L’interruzione farmacologica è possibile entro i primi 49 giorni dal concepimento. Tra la visita preliminare, la somministrazione in day hospital della prima pasticca che induce il distacco del feto dall’utero, dopo due giorni l’assunzione del secondo principio attivo che provoca le contrazioni, e l’ecografia dopo una settimana si tratta di quattro accessi ospedalieri complessivi.

Che in provincia di Perugia non puoi fare. Assieme alla legge 194 del ’78, il consultorio è l’unica porta aperta per le donne: un luogo che non ti giudica, che ti informa, che ti consiglia, che ti assiste dal punto di vista medico. Quelle isole nel deserto sempre più all’osso, alle prese con carenze di personale: dei 12 consultori perugini ne rimangono attivi sei, degli otto medici a settembre ne resteranno 2 e mezzo. Perché chi va in pensione non viene reintegrato ma chi lavora si fa in quattro.
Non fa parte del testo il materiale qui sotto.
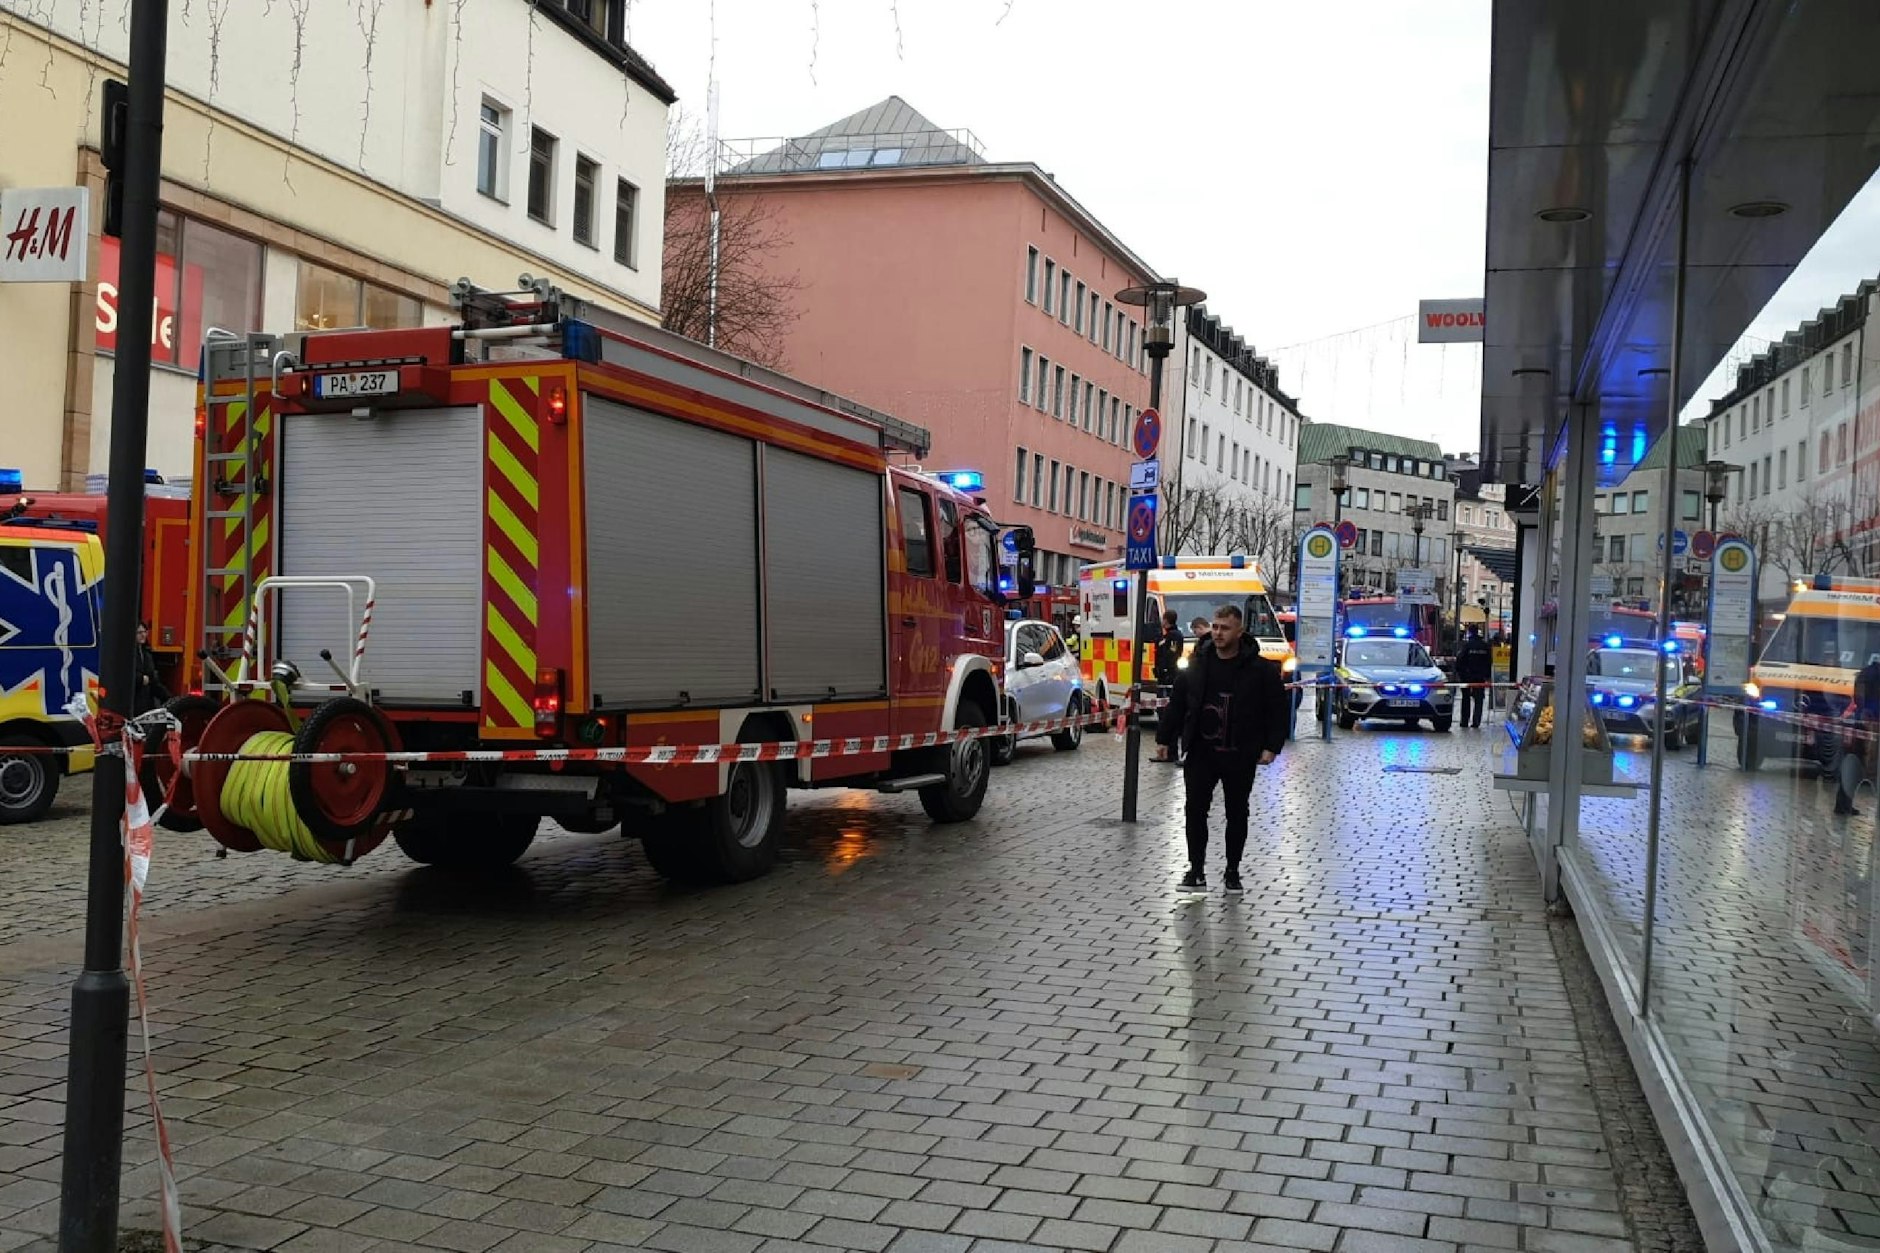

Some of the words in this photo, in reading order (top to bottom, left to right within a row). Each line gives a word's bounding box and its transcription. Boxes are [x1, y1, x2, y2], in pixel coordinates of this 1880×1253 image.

[6, 206, 76, 263] H&M
[96, 282, 173, 349] Sle
[330, 376, 348, 393] PA
[360, 374, 386, 391] 237
[1128, 547, 1152, 564] TAXI
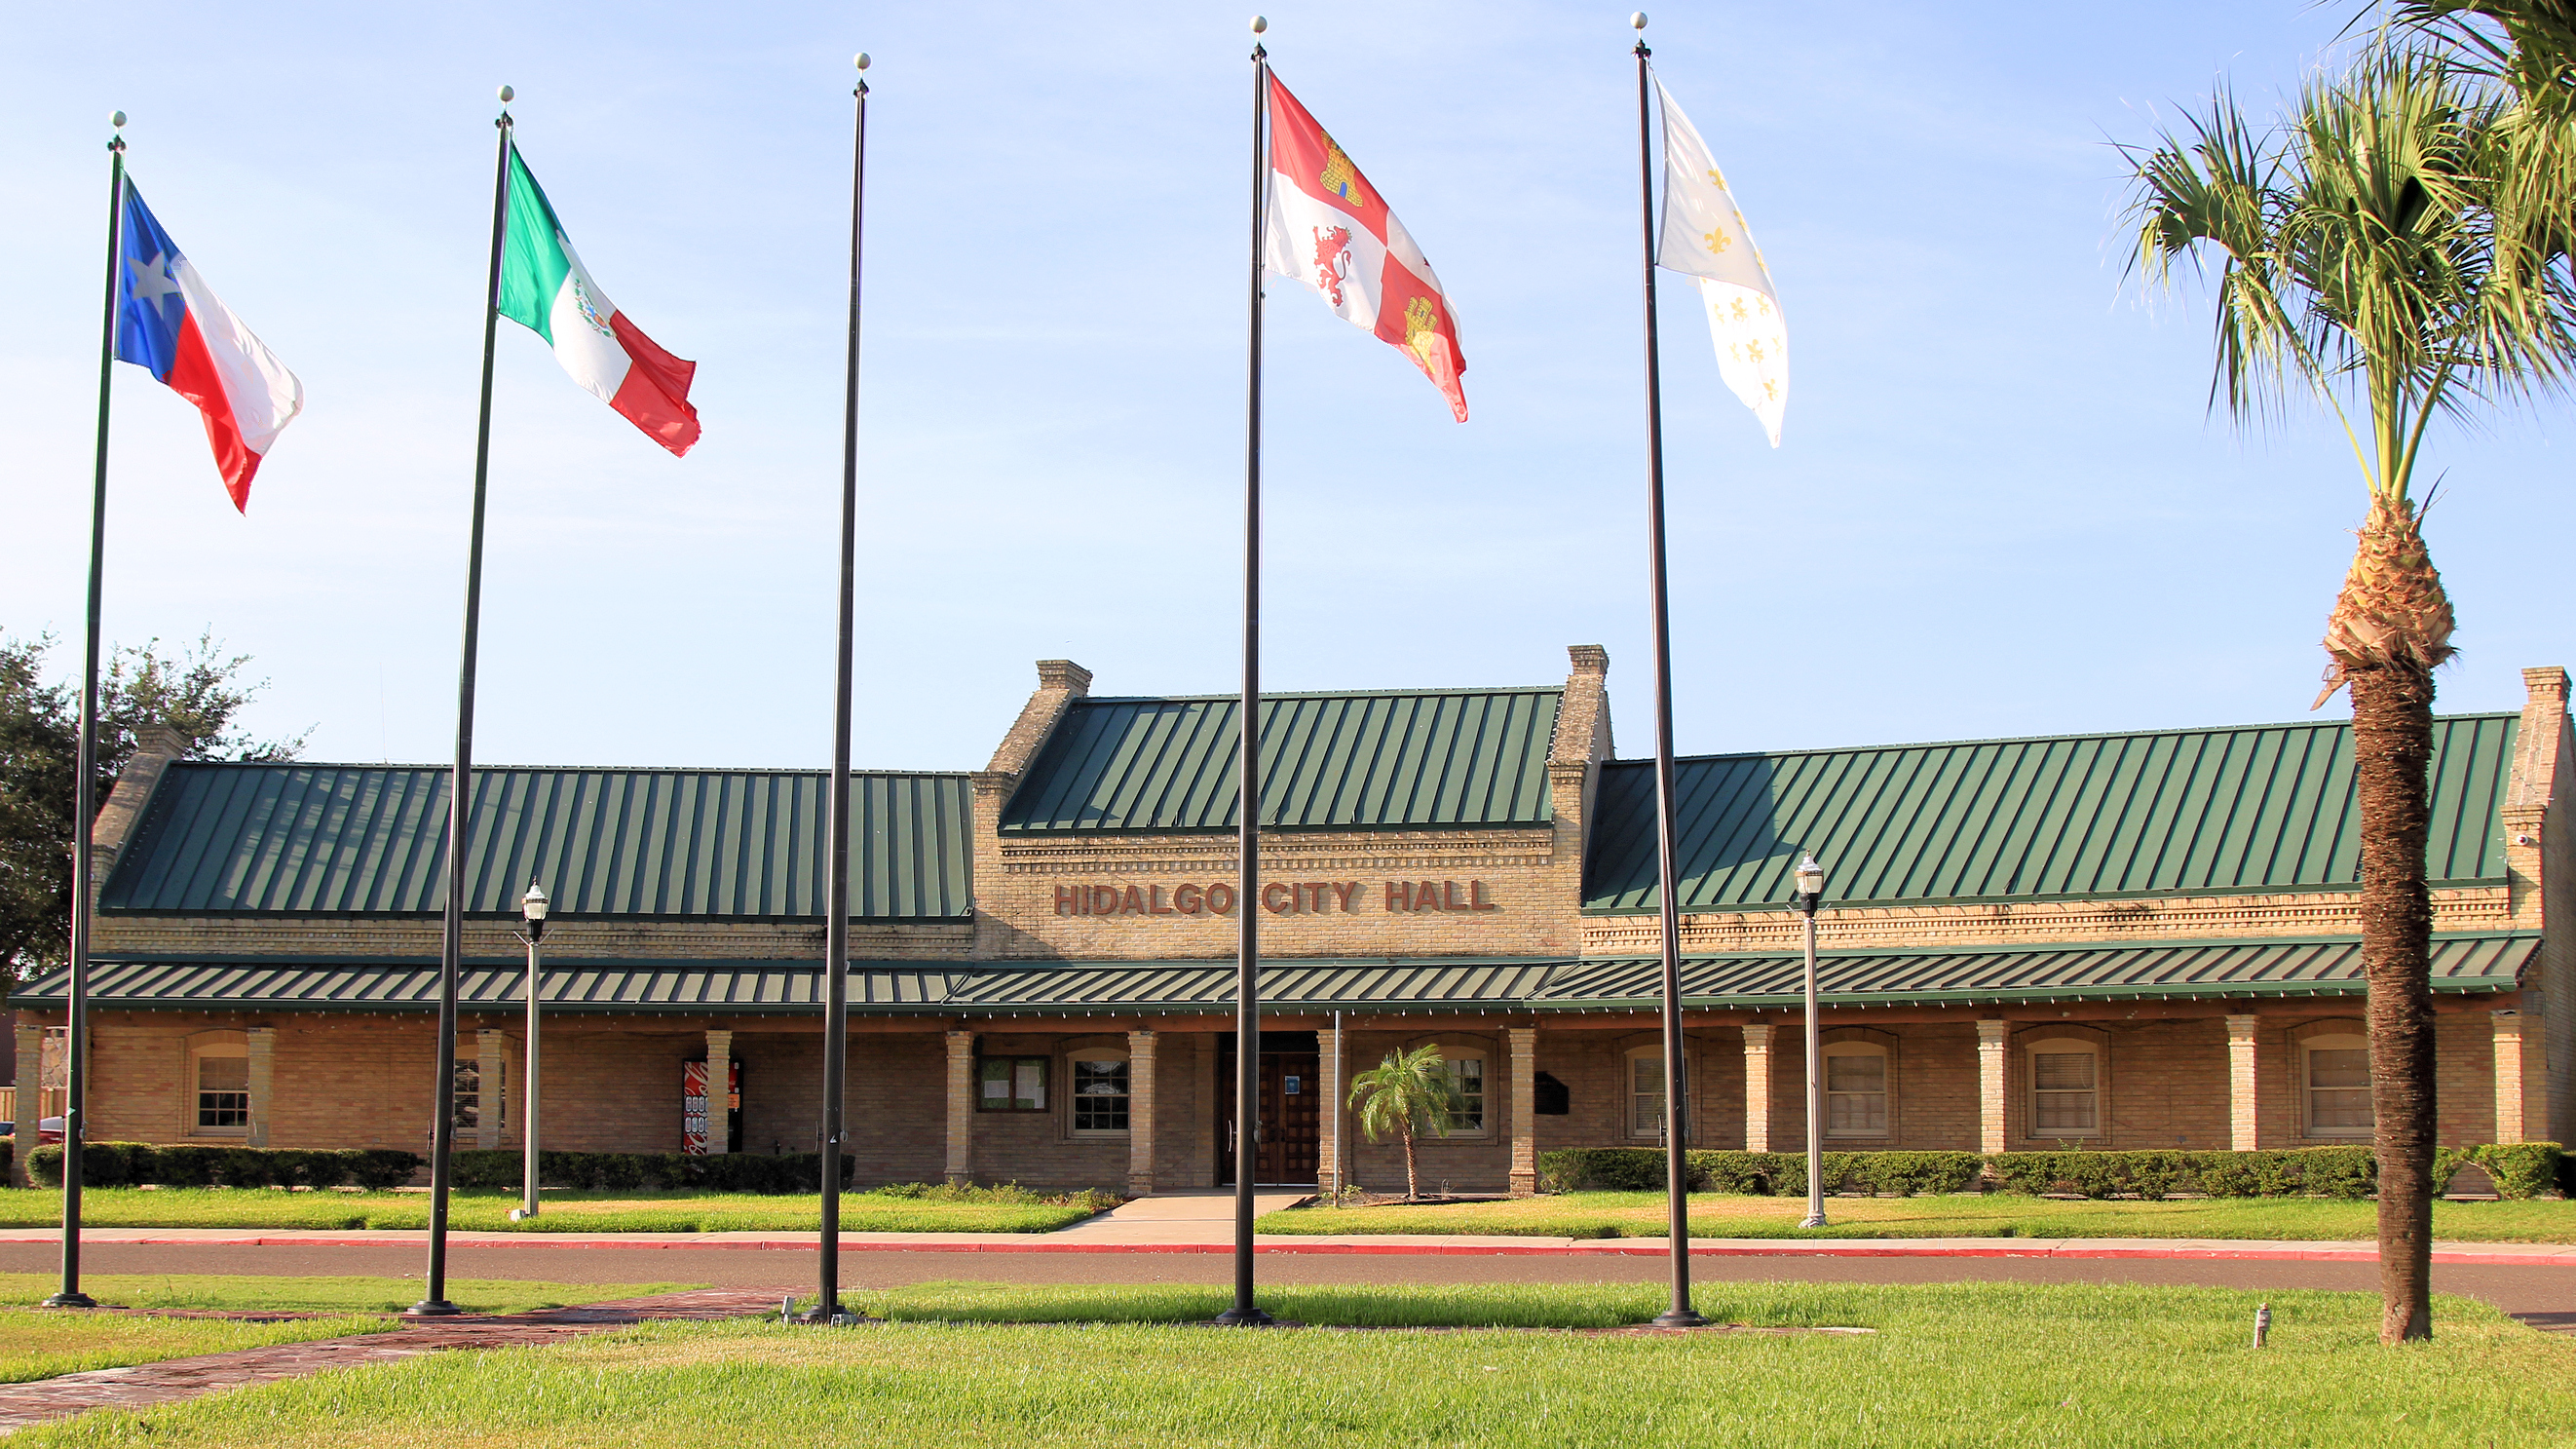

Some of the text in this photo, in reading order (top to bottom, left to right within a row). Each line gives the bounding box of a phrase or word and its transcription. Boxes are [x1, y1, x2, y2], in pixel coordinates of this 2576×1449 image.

[1054, 880, 1495, 915] HIDALGO CITY HALL
Come la dottoressa Marina Toschi. “Con 35 anni in un consultorio ne vedi tante: vedi le bambine che hai fatto nascere avere dei figli. Vedi uomini piangere di fronte a una donna che non vuole tenere quel figlio che sente estraneo. Vedi ragazze adolescenti che sfidano i genitori con un figlio venuto troppo presto. Vedi donne che mettono al mondo figli generati nella violenza delle mura domestiche. Ve di ragazze nigeriane arrivate in Italia su un barcone e buttate sulla strada a Perugia per prostituirsi”. L’ultima vittima della tratta è arrivata da lei solo pochi giorni fa: “Sono di cinque settimane, mi ha detto – racconta la ginecologa Era di cinque mesi, ormai devi tenere tuo figlio, le ho spiegato. Lei mi ha risposto che il suo fidanzato non ne ha bisogno”.